What you should do =>
Transcribe word for word the lines spanning the line with "this 1600×1200 image." through the end of the records.

Given data =>
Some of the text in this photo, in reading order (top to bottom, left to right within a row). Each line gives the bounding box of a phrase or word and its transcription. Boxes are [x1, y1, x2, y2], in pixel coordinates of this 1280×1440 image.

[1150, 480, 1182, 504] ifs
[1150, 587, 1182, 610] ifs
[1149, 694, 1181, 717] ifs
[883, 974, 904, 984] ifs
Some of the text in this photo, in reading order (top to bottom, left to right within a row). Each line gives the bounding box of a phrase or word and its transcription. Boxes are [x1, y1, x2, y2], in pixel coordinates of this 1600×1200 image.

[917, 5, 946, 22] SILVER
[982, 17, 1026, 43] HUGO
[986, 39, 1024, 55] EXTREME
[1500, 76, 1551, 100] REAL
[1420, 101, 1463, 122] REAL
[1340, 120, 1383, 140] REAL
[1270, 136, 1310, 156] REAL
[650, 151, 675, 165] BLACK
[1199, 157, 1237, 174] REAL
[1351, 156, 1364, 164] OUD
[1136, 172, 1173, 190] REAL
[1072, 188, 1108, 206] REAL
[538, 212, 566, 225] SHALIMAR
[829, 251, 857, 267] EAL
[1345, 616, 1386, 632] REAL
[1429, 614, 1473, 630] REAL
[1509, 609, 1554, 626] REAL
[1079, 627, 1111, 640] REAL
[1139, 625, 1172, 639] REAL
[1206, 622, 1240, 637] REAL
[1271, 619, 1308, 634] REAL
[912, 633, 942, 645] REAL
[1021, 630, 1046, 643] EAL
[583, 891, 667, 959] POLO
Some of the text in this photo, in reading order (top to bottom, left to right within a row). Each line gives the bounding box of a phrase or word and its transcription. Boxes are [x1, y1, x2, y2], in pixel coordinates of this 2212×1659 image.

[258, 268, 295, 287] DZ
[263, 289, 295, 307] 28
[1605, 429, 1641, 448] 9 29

Your response =>
Some of the text in this photo, in reading order (top to bottom, left to right within a row). Each line gives the bounding box of a phrase or word and its transcription. Boxes are [x1, y1, x2, y2], in pixel coordinates of this 1600×1200 image.

[917, 5, 946, 22] SILVER
[982, 17, 1026, 43] HUGO
[986, 39, 1024, 55] EXTREME
[1500, 76, 1551, 100] REAL
[1420, 101, 1463, 122] REAL
[1340, 120, 1383, 140] REAL
[1270, 136, 1310, 156] REAL
[650, 151, 675, 165] BLACK
[1199, 157, 1237, 174] REAL
[1351, 156, 1364, 164] OUD
[1136, 172, 1173, 190] REAL
[1072, 188, 1108, 206] REAL
[538, 212, 566, 225] SHALIMAR
[829, 251, 857, 267] EAL
[1345, 616, 1386, 632] REAL
[1429, 614, 1473, 630] REAL
[1509, 609, 1554, 626] REAL
[1079, 627, 1111, 640] REAL
[1139, 625, 1172, 639] REAL
[1206, 622, 1240, 637] REAL
[1271, 619, 1308, 634] REAL
[912, 633, 942, 645] REAL
[1021, 630, 1046, 643] EAL
[583, 891, 667, 959] POLO
Some of the text in this photo, in reading order (top to bottom, left to right within a row). Each line gives the bounding box of a phrase or word and its transcription. Boxes are [x1, y1, x2, y2], in pixel coordinates of this 2212×1659 image.

[258, 268, 295, 287] DZ
[263, 289, 295, 307] 28
[1605, 429, 1641, 448] 9 29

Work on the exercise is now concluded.